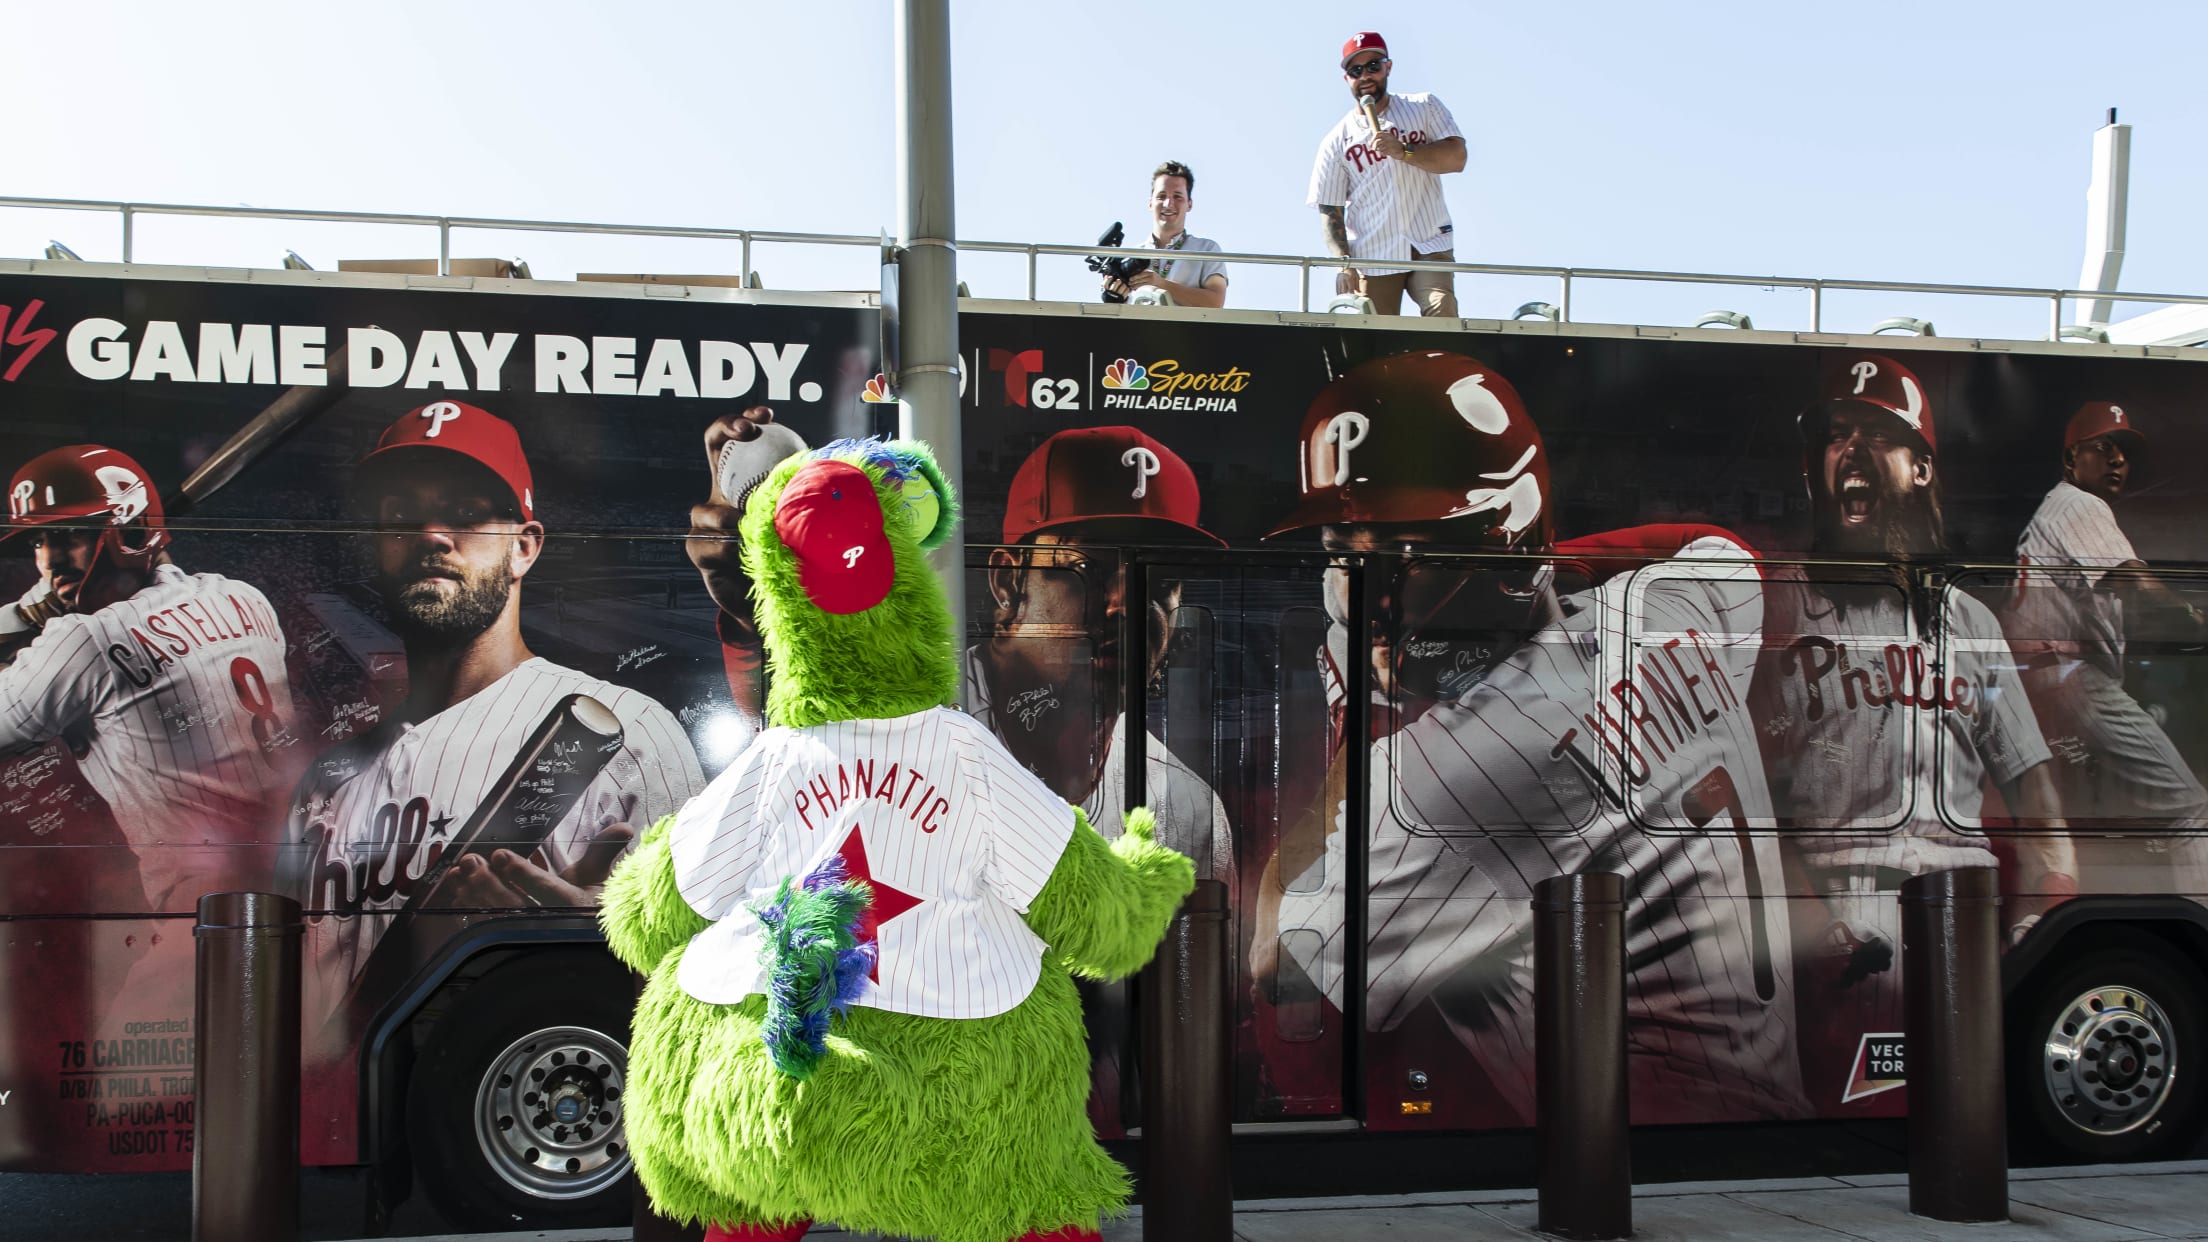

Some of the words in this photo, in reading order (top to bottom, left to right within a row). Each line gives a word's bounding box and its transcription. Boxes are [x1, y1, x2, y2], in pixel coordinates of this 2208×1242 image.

[1353, 33, 1366, 48] P
[66, 317, 328, 386] GAME
[347, 327, 519, 391] DAY
[534, 334, 823, 403] READY.
[1147, 359, 1250, 397] Sports
[1850, 361, 1878, 395] P
[1031, 377, 1080, 411] 62
[1103, 394, 1238, 413] PHILADELPHIA
[421, 401, 461, 438] P
[2109, 405, 2124, 424] P
[1325, 411, 1370, 487] P
[1121, 446, 1161, 499] P
[842, 545, 864, 568] P
[230, 656, 287, 772] 8
[794, 758, 949, 834] PHANATIC
[124, 1017, 189, 1037] operated
[58, 1040, 87, 1069] 76
[1871, 1044, 1905, 1057] VEC
[1870, 1060, 1905, 1073] TOR
[60, 1077, 104, 1100] D/B/A
[108, 1076, 158, 1099] PHILA.
[109, 1130, 169, 1156] USDOT

※ ※ ※

● **What this task involves**:
With the pictures omitted, print each line of the data above precisely as given.

● **Completed task**:
Some of the words in this photo, in reading order (top to bottom, left to right within a row). Each line gives a word's bounding box and its transcription. Boxes are [x1, y1, x2, y2], in pixel coordinates of this 2208×1242 image.

[1353, 33, 1366, 48] P
[66, 317, 328, 386] GAME
[347, 327, 519, 391] DAY
[534, 334, 823, 403] READY.
[1147, 359, 1250, 397] Sports
[1850, 361, 1878, 395] P
[1031, 377, 1080, 411] 62
[1103, 394, 1238, 413] PHILADELPHIA
[421, 401, 461, 438] P
[2109, 405, 2124, 424] P
[1325, 411, 1370, 487] P
[1121, 446, 1161, 499] P
[842, 545, 864, 568] P
[230, 656, 287, 772] 8
[794, 758, 949, 834] PHANATIC
[124, 1017, 189, 1037] operated
[58, 1040, 87, 1069] 76
[1871, 1044, 1905, 1057] VEC
[1870, 1060, 1905, 1073] TOR
[60, 1077, 104, 1100] D/B/A
[108, 1076, 158, 1099] PHILA.
[109, 1130, 169, 1156] USDOT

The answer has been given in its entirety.